§ **EXERCISE DESCRIPTION**
Every entry that follows is to be set down exactly, with its pictures omitted.

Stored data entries
○ ○ ○

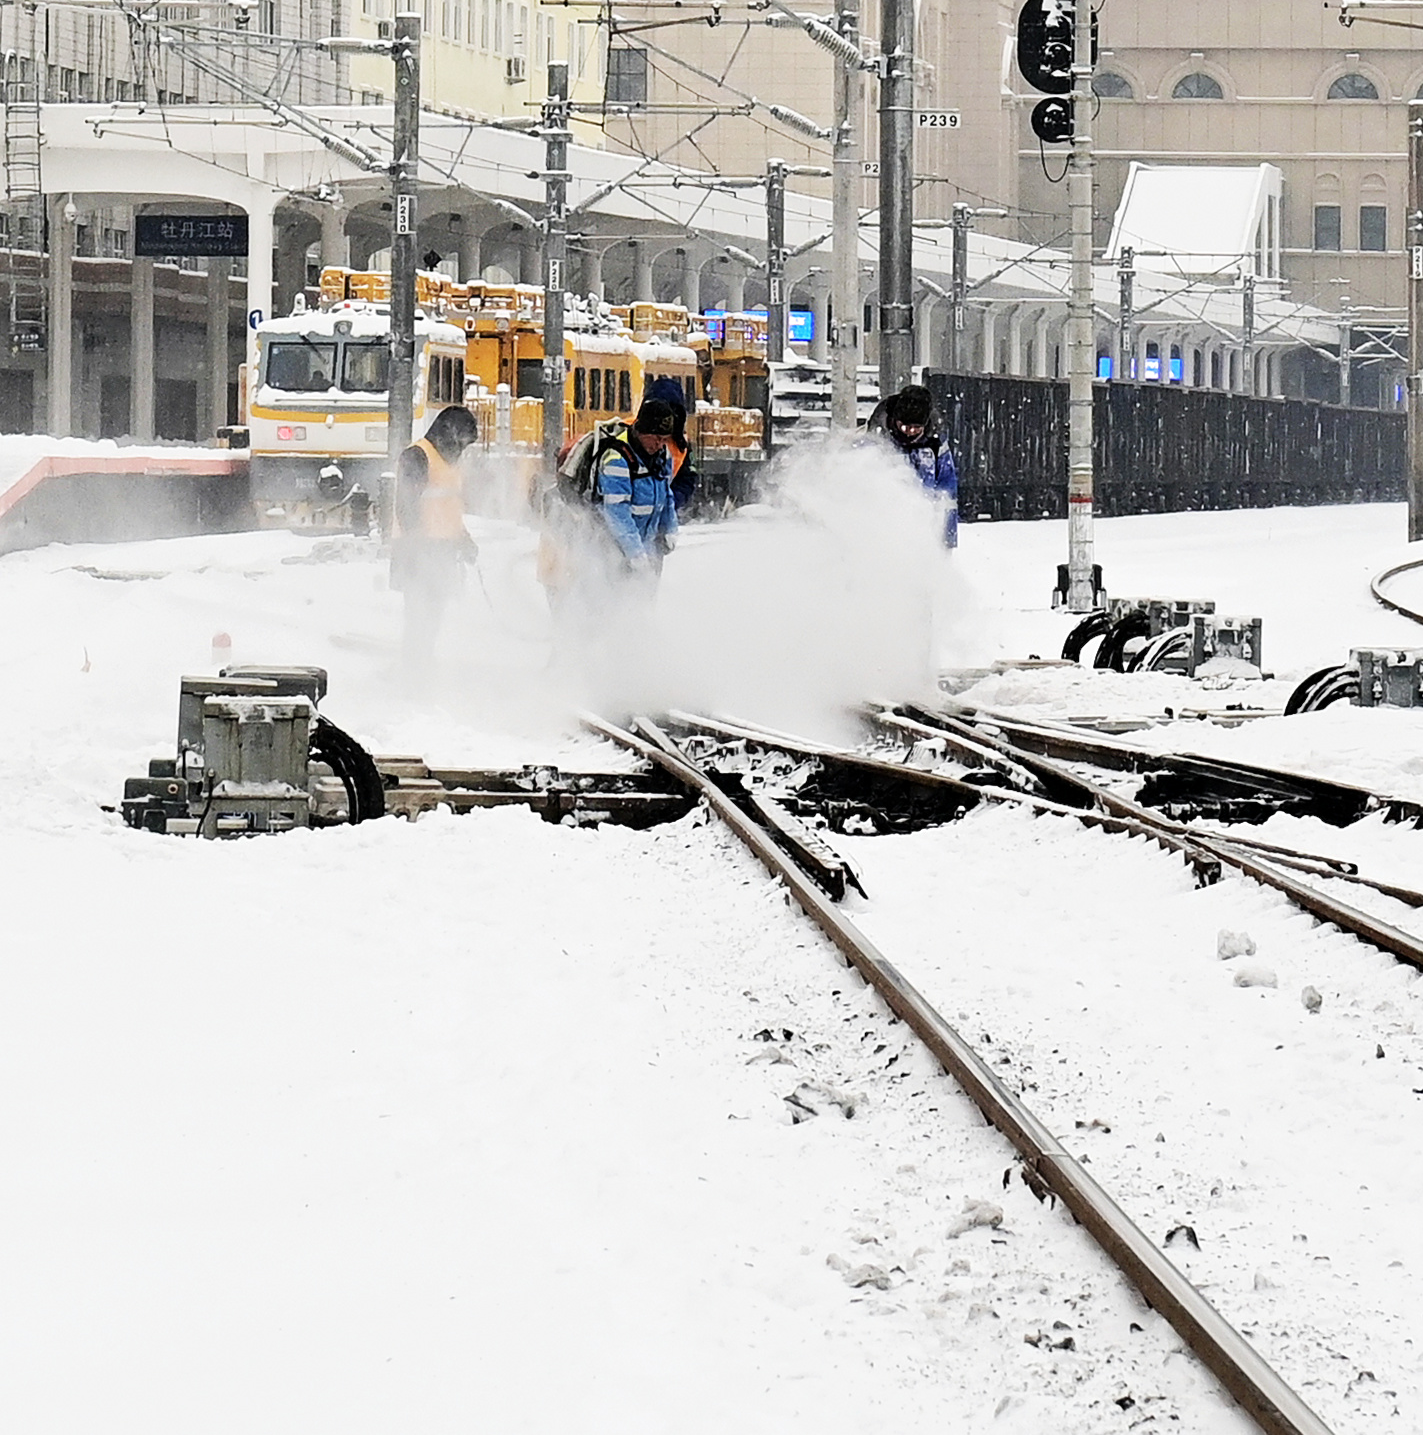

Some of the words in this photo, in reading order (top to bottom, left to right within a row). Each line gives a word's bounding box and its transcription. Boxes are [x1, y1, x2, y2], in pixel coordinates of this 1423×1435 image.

[919, 115, 958, 127] P239
[399, 196, 407, 233] P230
[161, 221, 234, 239] 牡丹江站
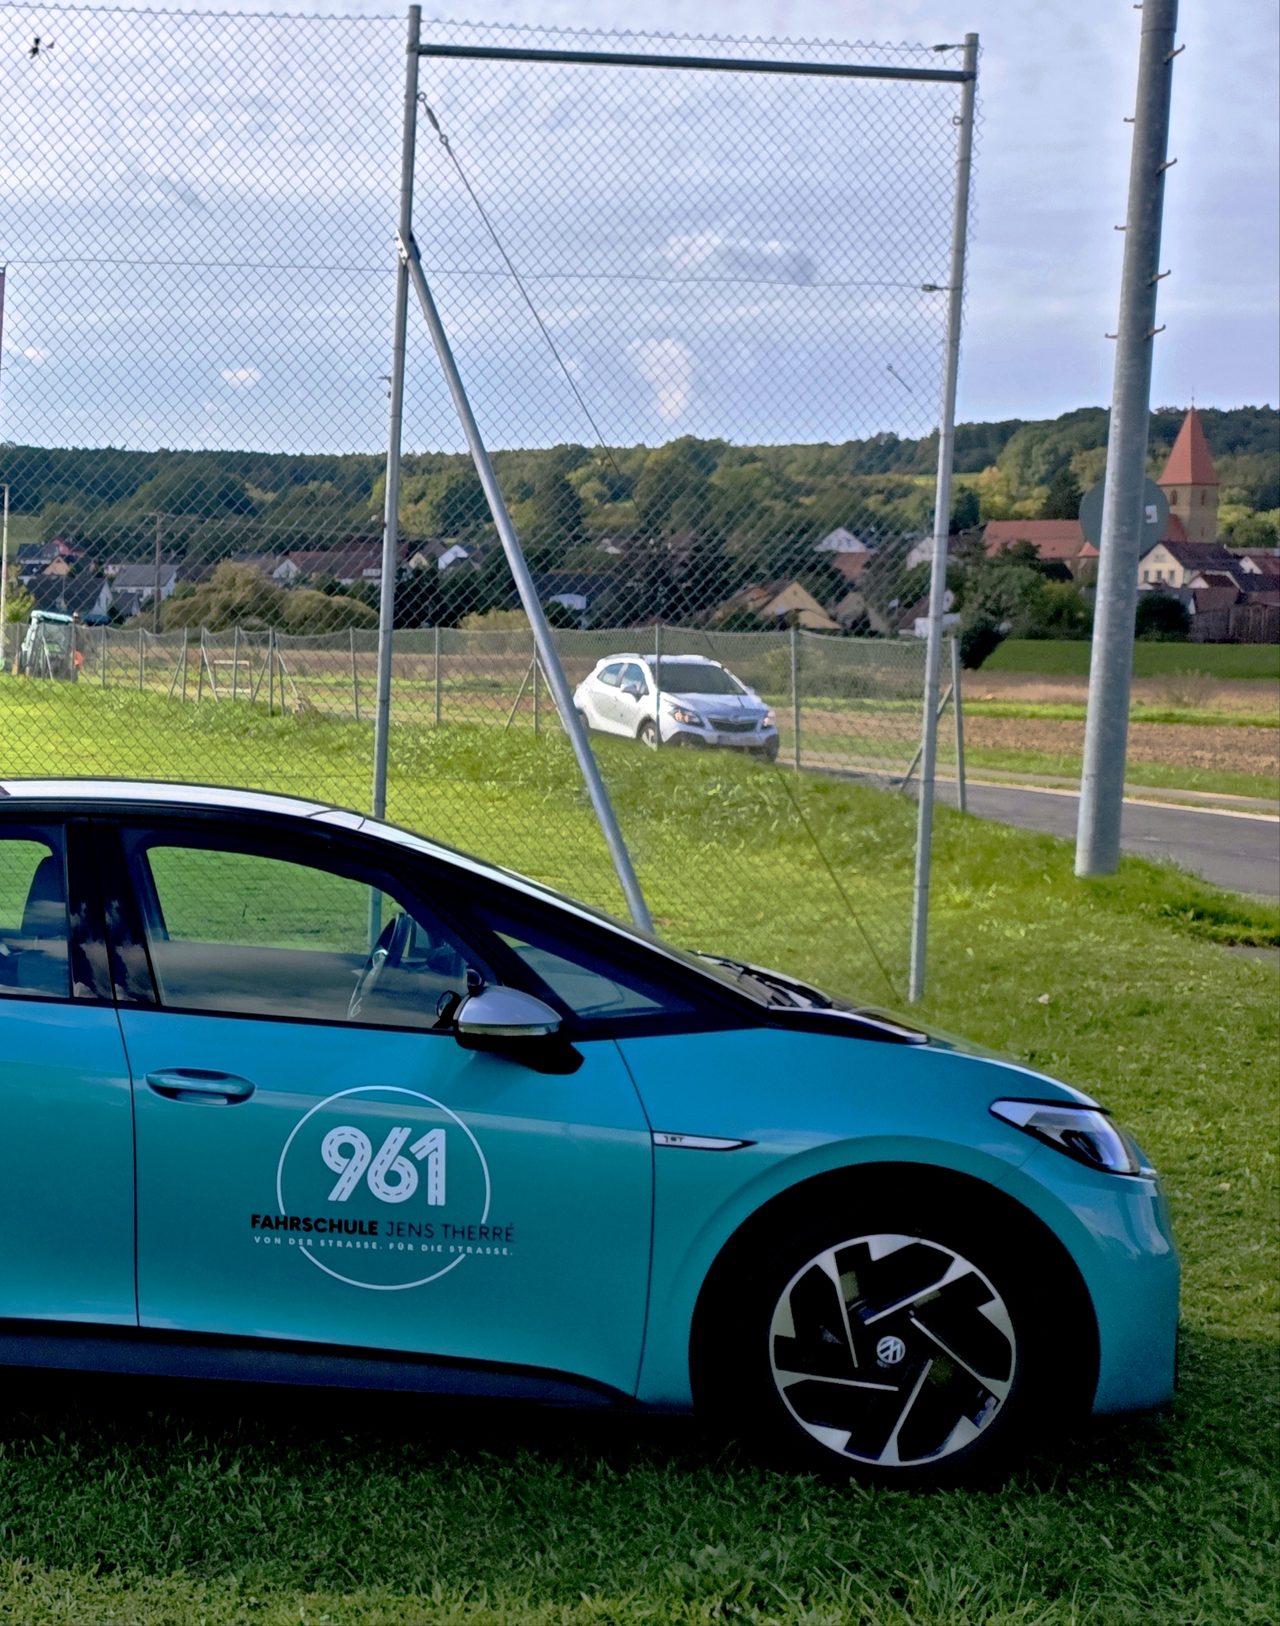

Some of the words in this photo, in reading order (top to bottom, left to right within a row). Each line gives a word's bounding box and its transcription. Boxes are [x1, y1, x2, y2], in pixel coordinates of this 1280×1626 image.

[320, 1125, 447, 1207] 961
[250, 1213, 379, 1237] FAHRSCHULE
[385, 1221, 435, 1240] JENS
[440, 1222, 516, 1243] THERRÉ
[253, 1236, 282, 1245] VON
[288, 1238, 313, 1247] DER
[319, 1239, 383, 1250] STRASSE.
[388, 1241, 415, 1252] FÜR
[420, 1243, 443, 1253] DIE
[449, 1245, 514, 1256] STRASSE.

○ ○ ○

§ **SOLUTION TO THIS PROBLEM**
Some of the words in this photo, in reading order (top to bottom, left to right within a row). Each line gives a word's bounding box and its transcription. Boxes are [x1, y1, x2, y2], in pixel coordinates of this 1423×1435 image.

[919, 115, 958, 127] P239
[399, 196, 407, 233] P230
[161, 221, 234, 239] 牡丹江站

Some of the words in this photo, in reading order (top to bottom, left to right within a row). Each line gives a word's bounding box and its transcription. Boxes are [x1, y1, x2, y2], in pixel coordinates of this 1280×1626 image.

[320, 1125, 447, 1207] 961
[250, 1213, 379, 1237] FAHRSCHULE
[385, 1221, 435, 1240] JENS
[440, 1222, 516, 1243] THERRÉ
[253, 1236, 282, 1245] VON
[288, 1238, 313, 1247] DER
[319, 1239, 383, 1250] STRASSE.
[388, 1241, 415, 1252] FÜR
[420, 1243, 443, 1253] DIE
[449, 1245, 514, 1256] STRASSE.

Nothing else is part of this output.